Musicbrainz matching theory clarification requested

Could someone clarify how Musicbrainz is being utilized for music/audio file matching?

I installed Plex on my media library server for primarily video watching purposes and figured that my audio library could just tag along. (I tend to use Foobar for playback.) Years later, after using Plexamp for a while, I’m only just noticing that it is missing or misidentifying a lot of music content - all purchased, meticulously tagged and organized content.

I’m looking at over 4TB of audio data spread out over 76,000 files. I’ve taken a quick look at Musicbrainz Picard but my gut reaction is that it is far, far too aggressive in what and how it will change things. I’m willing to write code to update ID3 tags or create .plexmatch files if I have to but ultimately, I don’t know which tag(s) Plex is actually using to perform the matching.
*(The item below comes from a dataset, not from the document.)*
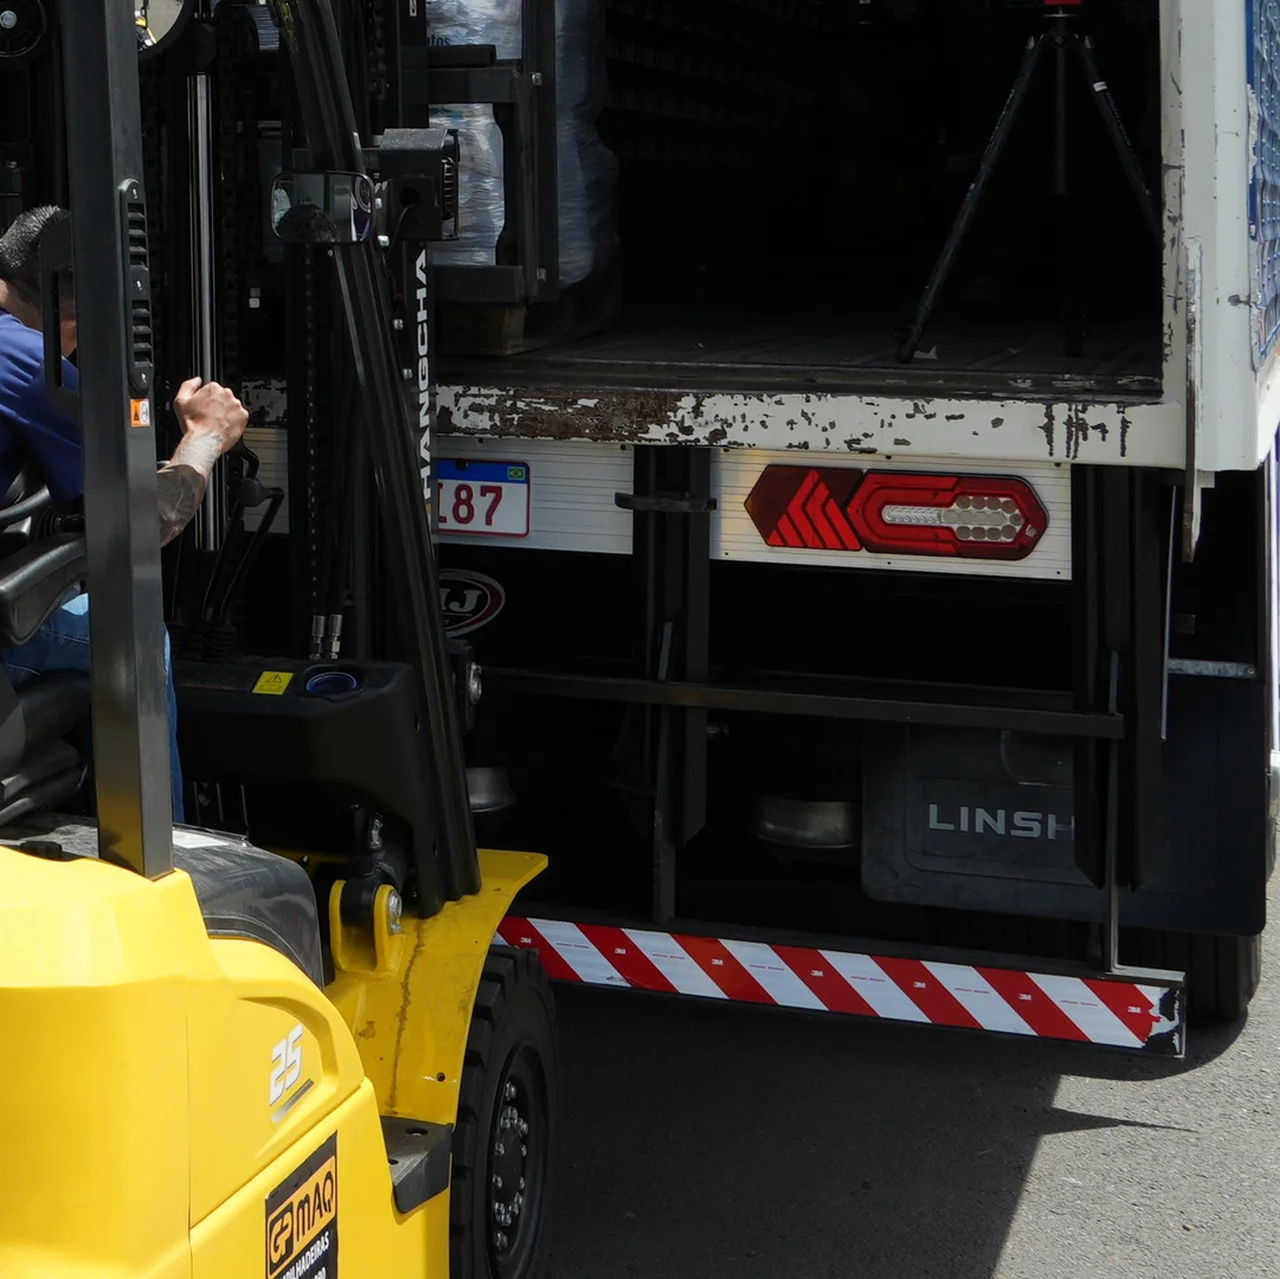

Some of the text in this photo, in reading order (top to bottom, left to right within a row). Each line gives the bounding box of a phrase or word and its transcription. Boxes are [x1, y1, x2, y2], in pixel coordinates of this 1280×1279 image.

One significant difficulty I see in embracing the methodology defined on the matching support page (https://support.plex.tv/articles/correcting-your-music-content-matches/) is that only super simple and small libraries can actually conform to it. The recommended folder organization does not consider the possibility of multiple versions of the same album. One could have different versions for:

  • remasters
  • physical media types
  • resolutions
  • channel counts
  • other

…each would need to be stored in a separate folder. Some form of unique identity from Musicbrainz would have to be chosen to keep them separated and it looks like there are a number of options. But which?

For instance, I think I have 7 different and distinct versions of Dark Side of the Moon. Skimming through Musicbrainz, I’m immediately drawn to the Alan Parson’s Quadraphonic mix because it’s not an official release and therefore doesn’t have a UPC/barcode. Clicking on it brings one to this page, https://musicbrainz.org/release/eb8cf4db-003f-49d4-8dbd-fbaa41da8d3d, whose URL suggests that maybe this “release” GUID embedded in the URL is the key.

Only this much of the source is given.